Target is facing a 40-day consumer boycott starting Wednesday over the company’s shift away from diversity, equity and inclusion (DEI) policies.
“We’re asking people to divest from Target because they have turned their back on our community,” Rev. Jamal Bryant, a prominent Atlanta-area megachurch pastor who started the boycott, said in an interview with CNN.
The boycott, which begins during the start of Lent, comes more than a month after Target made changes to its DEI programs and at a difficult period for the company as it faces an onslaught of tariffs in the middle of a challenging economy.

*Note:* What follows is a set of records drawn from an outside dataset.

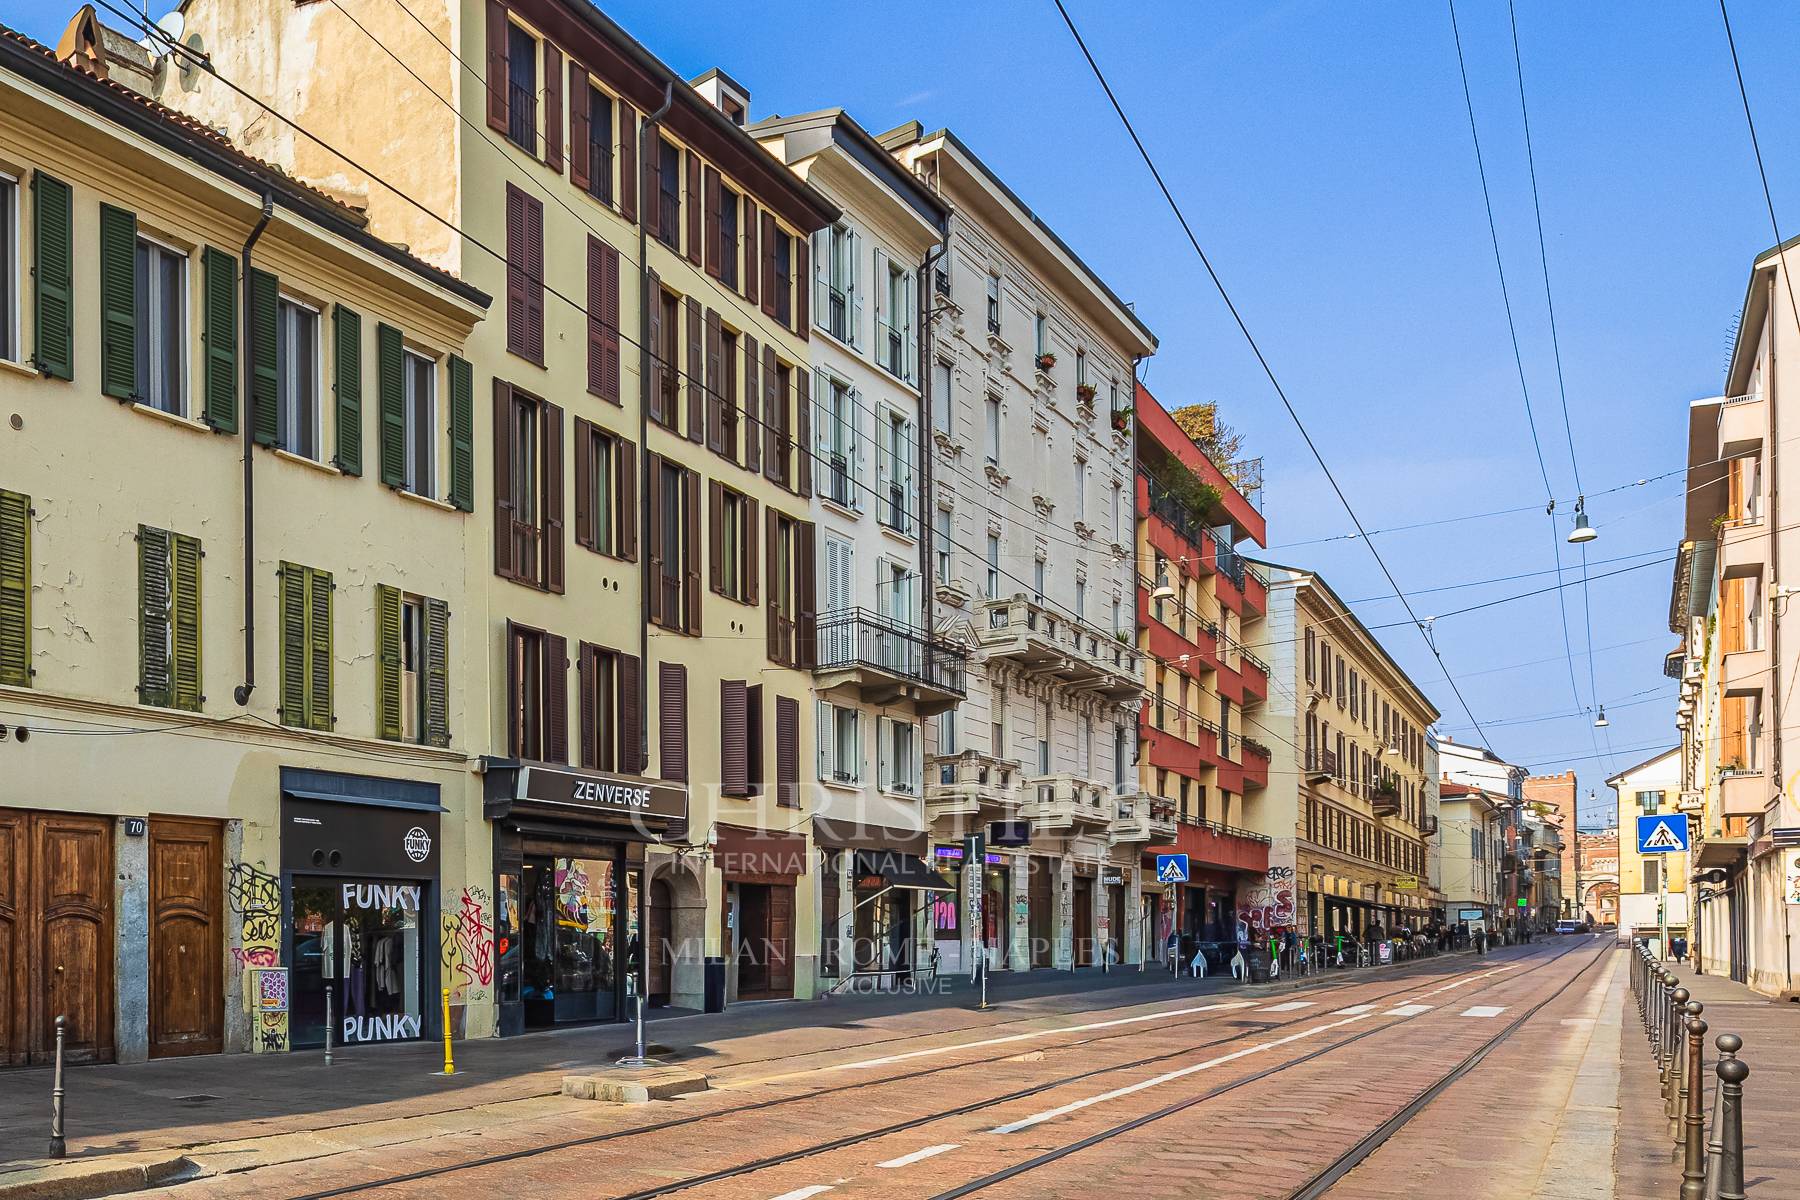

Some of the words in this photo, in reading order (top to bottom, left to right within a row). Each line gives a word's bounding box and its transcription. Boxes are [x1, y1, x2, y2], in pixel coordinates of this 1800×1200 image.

[573, 780, 651, 808] ZENVERSE
[130, 821, 143, 833] 70
[405, 838, 431, 851] FUNKY
[342, 883, 421, 911] FUNKY
[343, 1014, 422, 1043] PUNKY

On January 24, days into Donald Trump’s presidency, Target announced it was eliminating hiring goals for minority employees, ending an executive committee focused on racial justice and making other changes to its diversity initiatives. Target said it had a new strategy called “Belonging at the Bullseye,” which it first introduced last year, and the company remained committed to “creating a sense of belonging for our team, guests and communities.” Target also stressed the need for “staying in step with the evolving external landscape.”

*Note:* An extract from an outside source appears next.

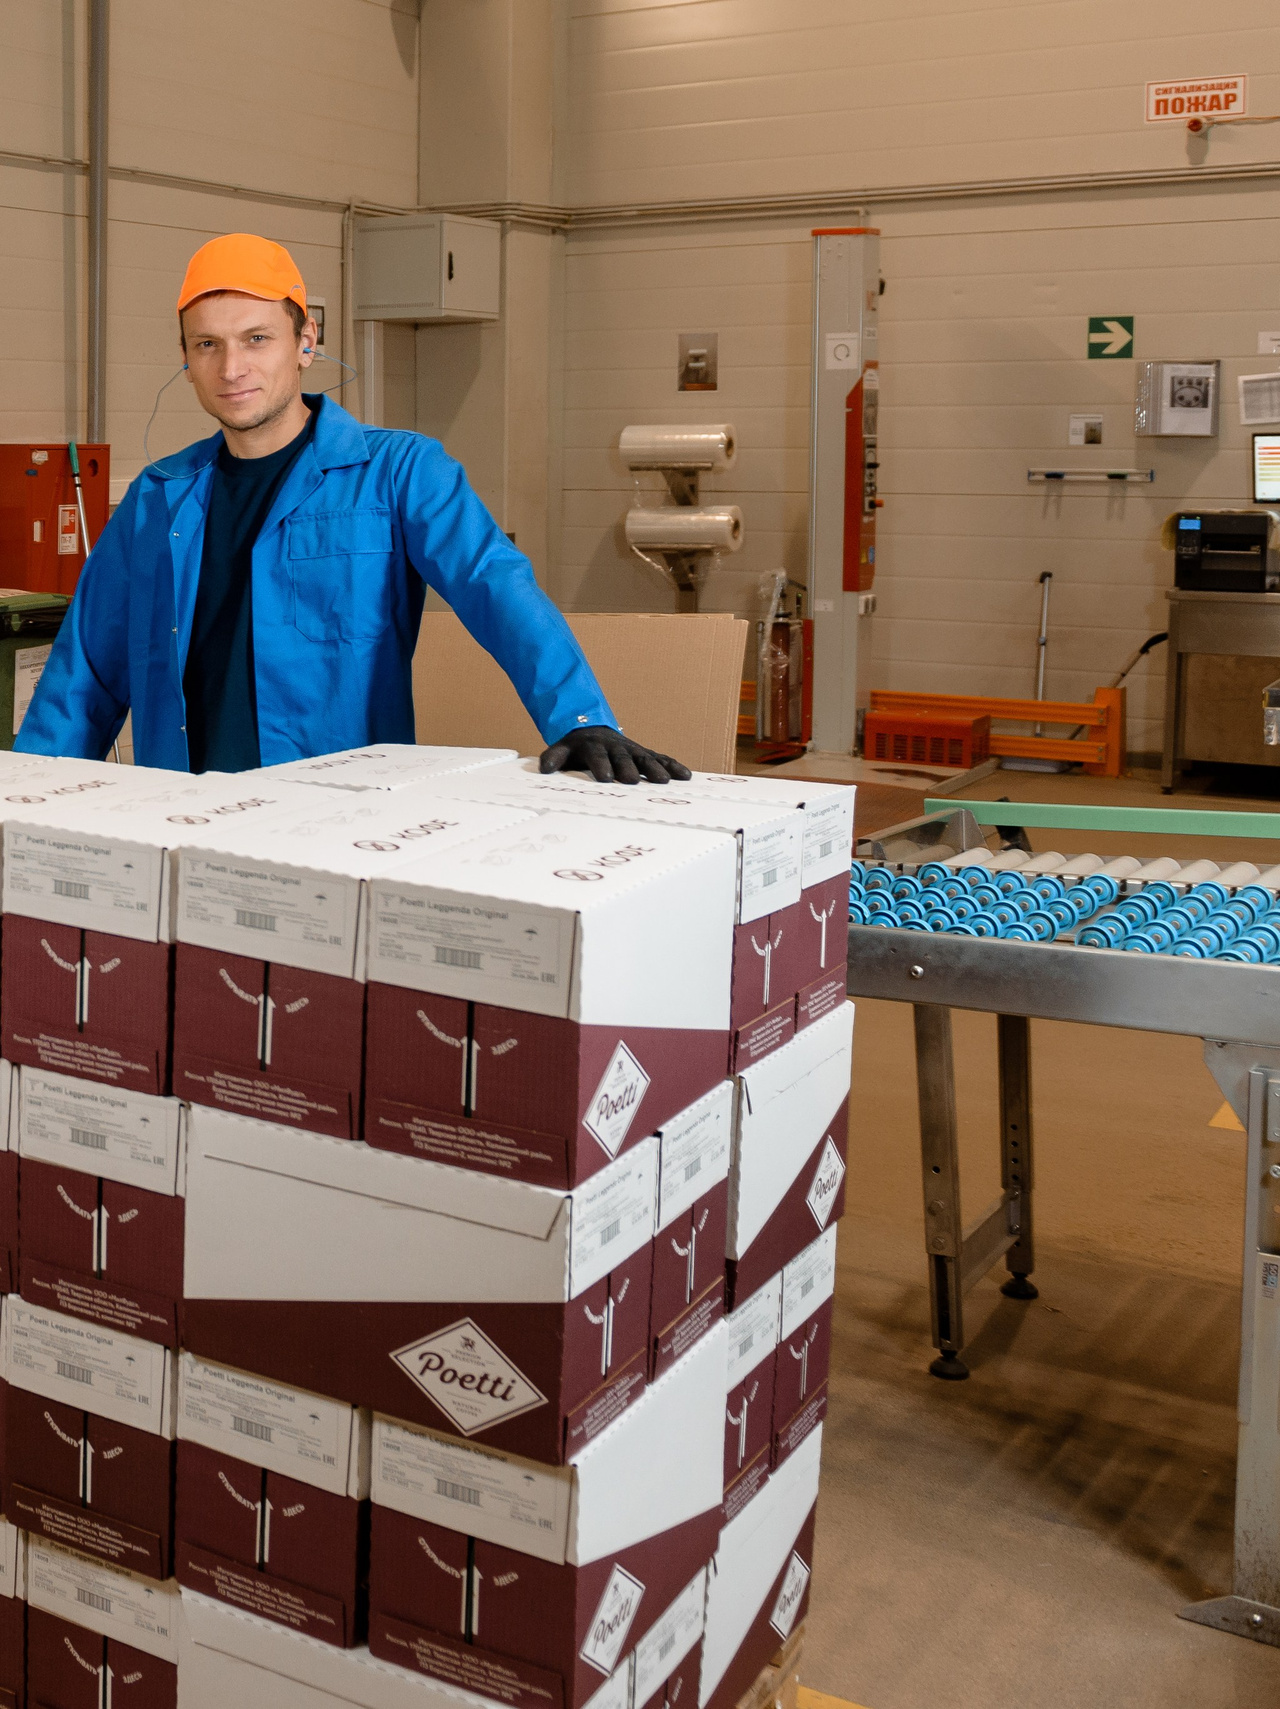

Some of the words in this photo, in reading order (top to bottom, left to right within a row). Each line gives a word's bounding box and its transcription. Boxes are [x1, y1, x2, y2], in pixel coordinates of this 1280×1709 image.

Target is one of dozens of Fortune 500 companies that have backtracked on DEI in response to conservative court decisions, pressure from activists and right-wing legal groups, and, more recently, the Trump administration’s threats to investigate what it characterizes as “illegal DEI,” including potential criminal cases against companies. Companies are caught between pursuing efforts to increase diversity and avoiding a conservative legal crackdown.

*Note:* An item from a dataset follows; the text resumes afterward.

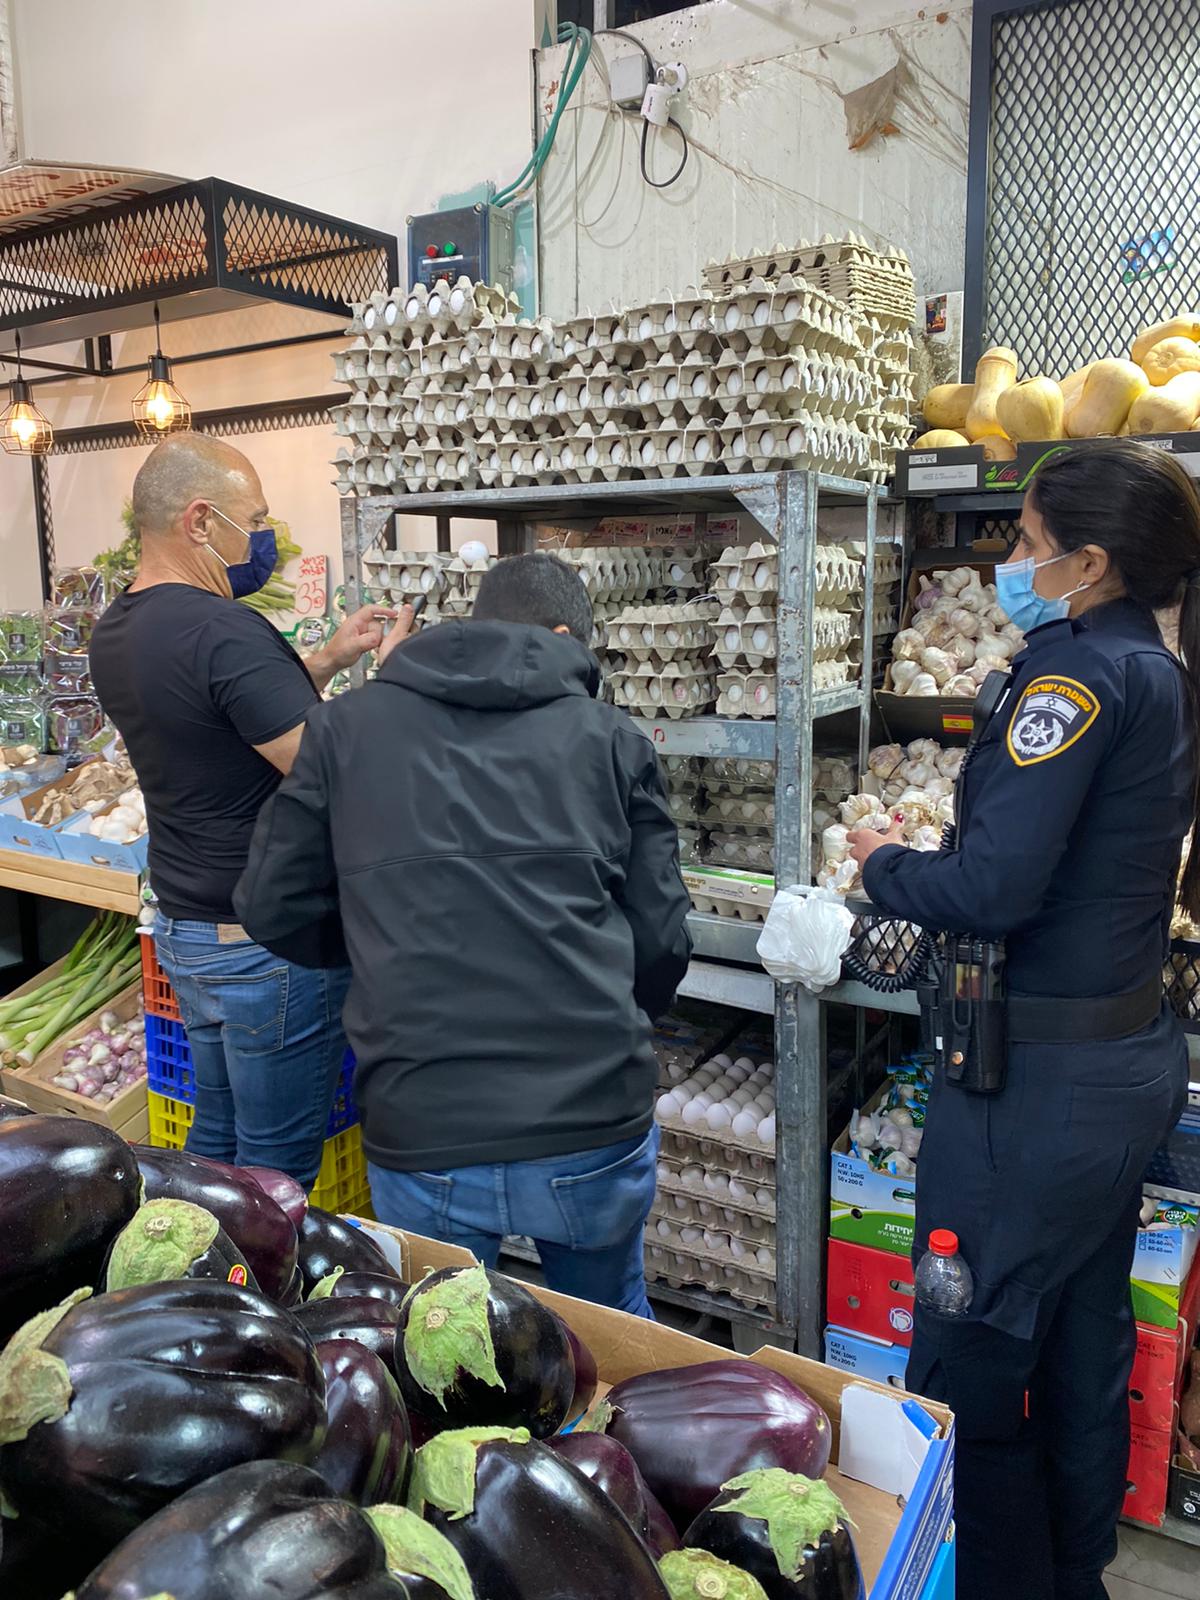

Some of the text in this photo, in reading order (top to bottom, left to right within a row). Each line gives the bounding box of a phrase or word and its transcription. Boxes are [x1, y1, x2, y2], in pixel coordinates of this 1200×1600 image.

[1025, 683, 1093, 712] משטרת ישראל
[884, 1223, 913, 1236] יחידות

But no company has faced as fierce a blowback from DEI supporters as Target. Customers online have protested the decision and Anne and Lucy Dayton, the daughters of one of Target’s co-founders, called the company’s actions “a betrayal.”
Target is under more pressure than companies like Walmart, John Deere or Tractor Supply, because Target went further in its DEI efforts, and it has a more progressive base of customers than those competitors.
Target was a leading advocate for DEI programs in the business world in the years after George Floyd was murdered by police in the company’s home city of Minneapolis in 2020. Target also spent years building a public reputation as a progressive employer on LGBTQ issues.
“Black people spend upwards of $12 million dollars a day, and so we would expect some loyalty, some decency and some camaraderie,” Bryant said.
Melissa Butler, the CEO of the Lip Bar, one of the largest Black-owned makeup companies carried in Target, said on TikTok that she was disappointed about Target’s DEI pullback. But she worries that the boycott could hurt Black-owned businesses.